Desafios presentes e necessidades de investigação
Por tudo acima assinalado, seria ingênuo pensar que o controle da DCH está
terminado no Brasil, em vista dos bons indicadores hoje conhecidos. Também não
se pode esperar que a necessária vigilância se estabeleça em geração
espontânea, ao largo da implantação do SUS e dos intermináveis decretos de
Brasília, cada vez mais burocráticos e menos participativos. No presente, a
situação confortável da baixa transmissão poderá resultar, a curto-médio prazo,
numa progressiva perda da vontade política e da competência técnica para o
controle da esquizotripanose. Provavelmente, uma eventual recrudescência do
problema se dará de forma lenta e progressiva, exatamente nos bolsões de
pobreza e nas regiões politicamente menos representativas, e, também, de acordo
com as densidades e a capacidade de domiciliação dos triatomíneos locais.

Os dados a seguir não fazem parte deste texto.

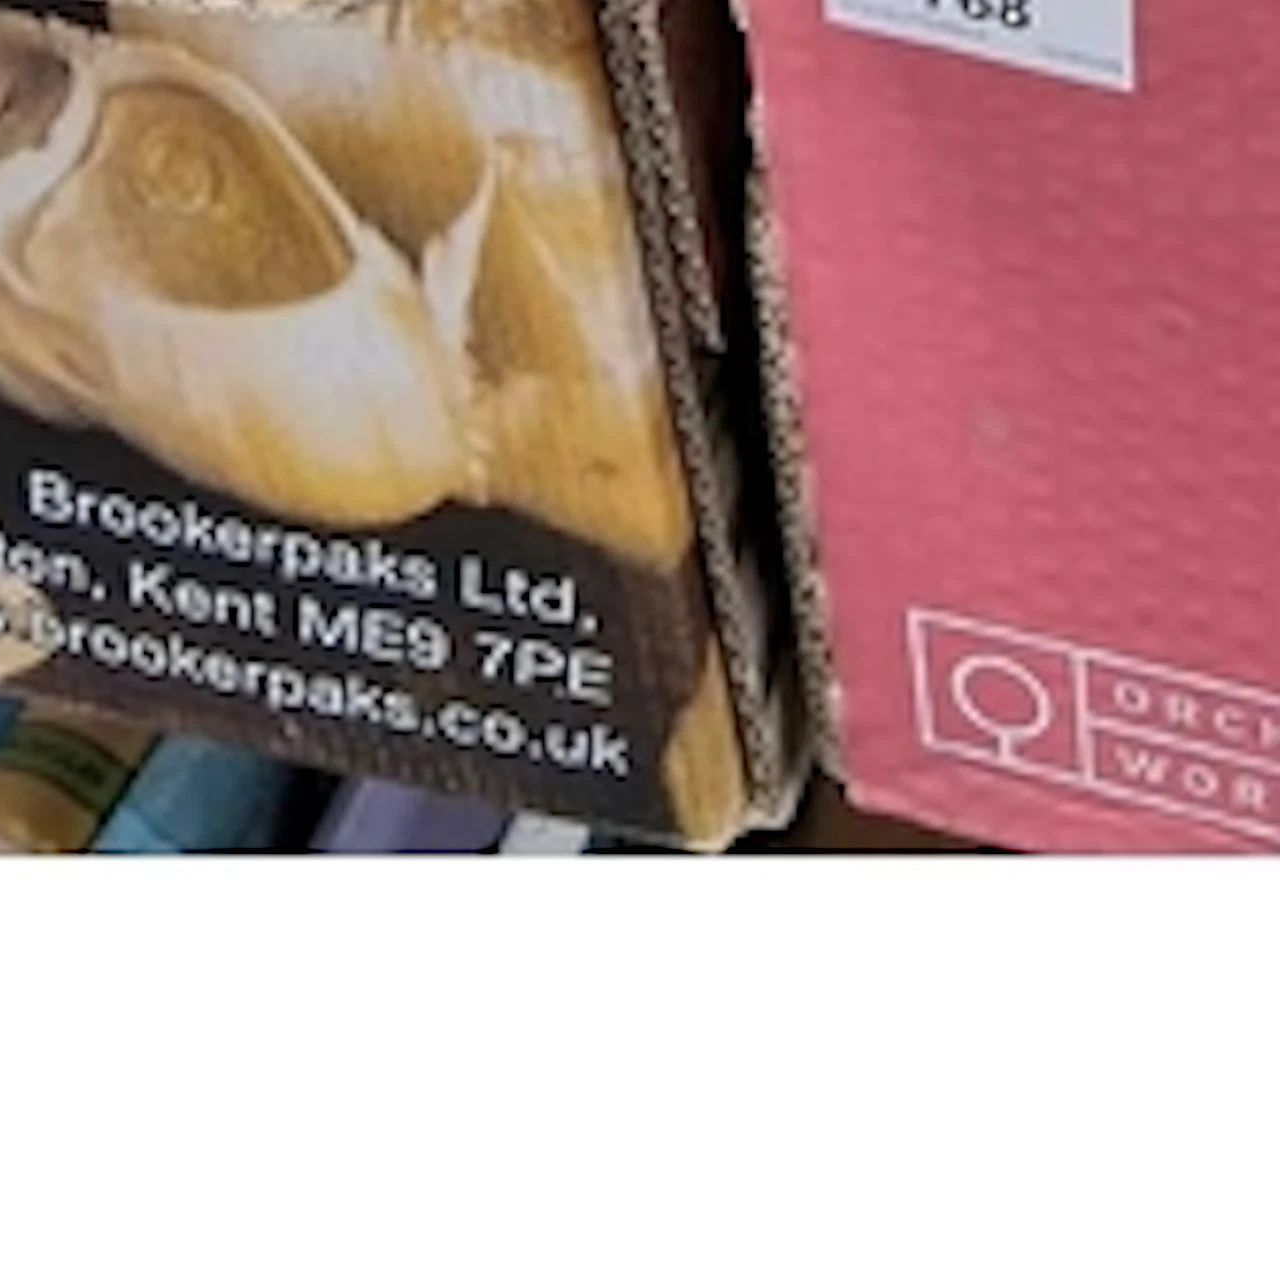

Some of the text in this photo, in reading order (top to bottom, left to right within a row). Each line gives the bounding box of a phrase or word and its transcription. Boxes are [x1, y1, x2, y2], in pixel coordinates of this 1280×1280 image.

[28, 468, 439, 599] Brookerpaks
[128, 560, 279, 637] Kent
[297, 595, 452, 670] ME9
[473, 628, 614, 708] 7PE
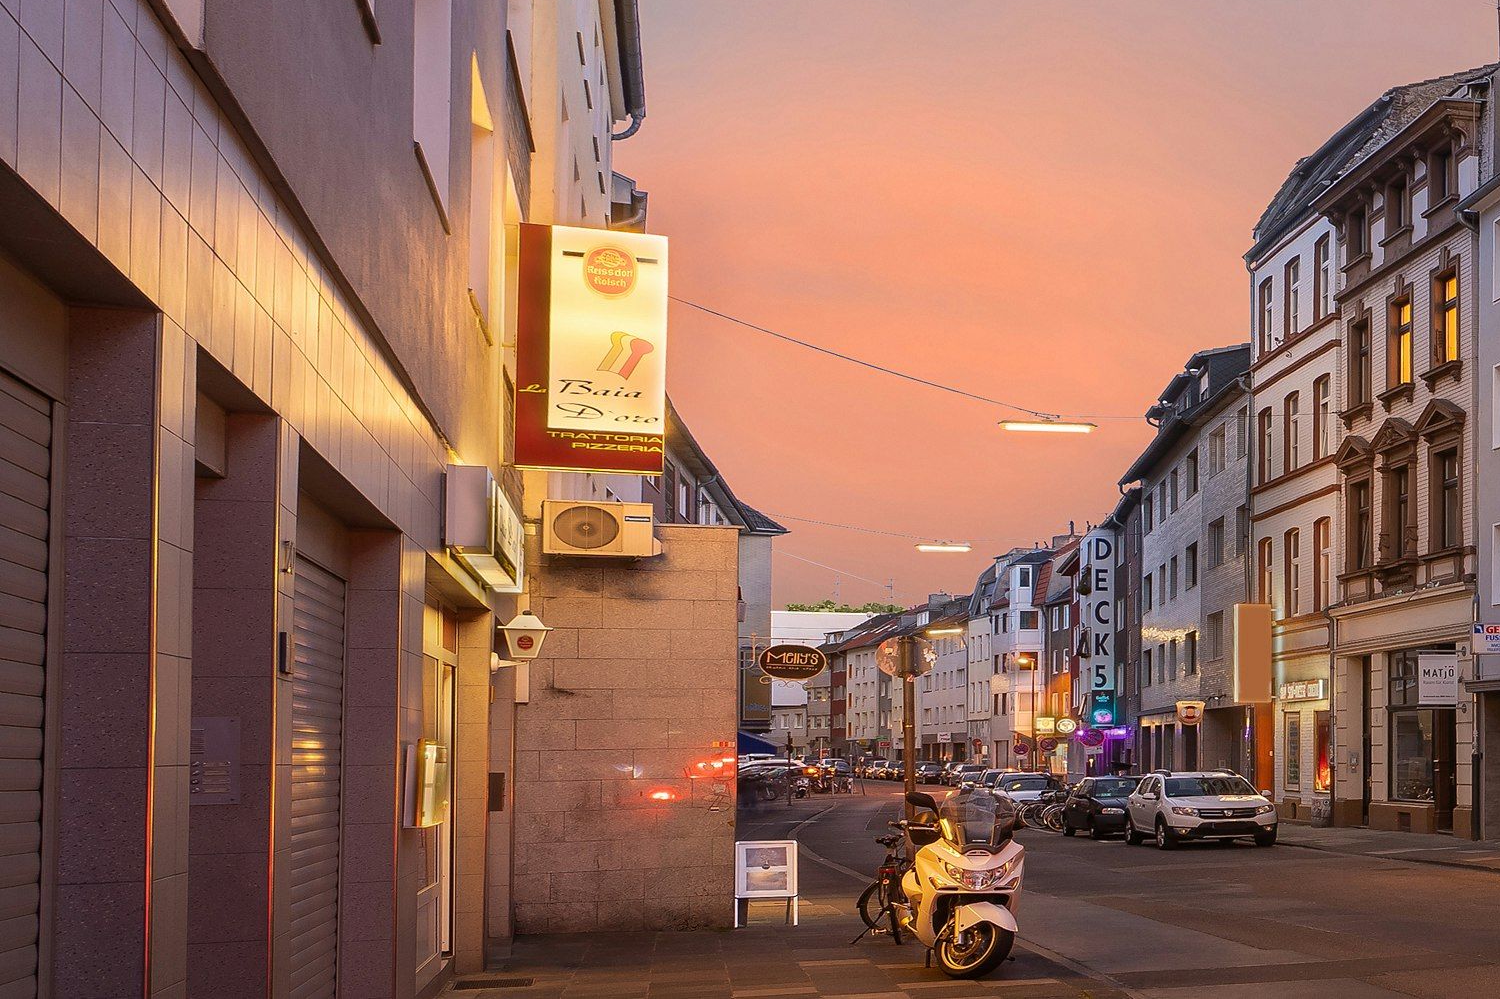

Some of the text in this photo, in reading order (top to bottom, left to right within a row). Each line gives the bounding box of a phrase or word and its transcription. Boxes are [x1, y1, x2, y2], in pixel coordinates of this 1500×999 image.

Fatores de conforto e tranqüilidade para os centros de decisão correspondem à
evolução lenta da doença, à lenta recuperação das populações dos triatomíneos
domiciliados, ao progressivo esvaziamento das populações rurais e,
naturalmente, à anomia (invisibilidade) das populações chagásicas, em geral
(Dias, 1988; Briceño-León, 1993). Há riscos concretos de uma recuperação do
triatomismo domiciliar nessas áreas mais deprimidas, se não se consolida uma VE
minimamente atuante, assim como em áreas novas, de colonização recente, como a
Amazônia, a partir de migrações humanas e de focos naturais (Forattini, 1980;
Schofield, 1994; Diotaiuti et al., 1995; Dias & Coura, 1997). Esses riscos
são, em parte, diminuídos pelo próprio processo de adaptação dos triatomíneos à
vivenda humana, que é lento e requer simplificações genéticas, biomorfológicas
e de comportamento (Schofield, 1999). Os principais horizontes e necessidades
da VE na luta antivetorial são o envolvimento sustentado da população, um
melhor componente educativo nos programas, a luta no peridomicílio, a captura
de triatomíneos em baixas densidades e a questão da domiciliação de espécies
silvestres e ubiqüistas. No campo da transmissão transfusional, o panorama no
Brasil e em vários países é mais otimista, em relação à atual tendência de
aumento de cobertura nos bancos oficiais e privados. Porém, alguns
aprimoramentos técnicos são ainda oportunos, especialmente quanto à
simplificação de uma boa sorologia para serviços menores, ao melhoramento da
quimioprofilaxia e à melhor indicação médica da hemoterapia (Schmunis, 1997).
Para a transmissão congênita, os grandes problemas têm sido a detecção precoce
do caso e o pequeno grau de cobertura especializada para gestantes e recém-
nascidos nas áreas endêmicas, também não existindo drogas ou outros esquemas de
prevenção para a gestante infectada (Dias, 1997). Seguem as pesquisas por
melhores fármacos para a terapêutica específica e para a quimioprofilaxia nos
diversos casos de transmissão, ainda pendente na comunidade científica uma
vacina com os necessários poderes antigênicos e inocuidade. Para os indivíduos
já infectados, a vigilância se volta para a detecção do caso e seu manejo
precoce, buscando-se prevenir as doações de sangue e de órgãos, de um lado, e a
morbi-mortalidade pelas formas mais graves da doença, de outro (Dias, 1997).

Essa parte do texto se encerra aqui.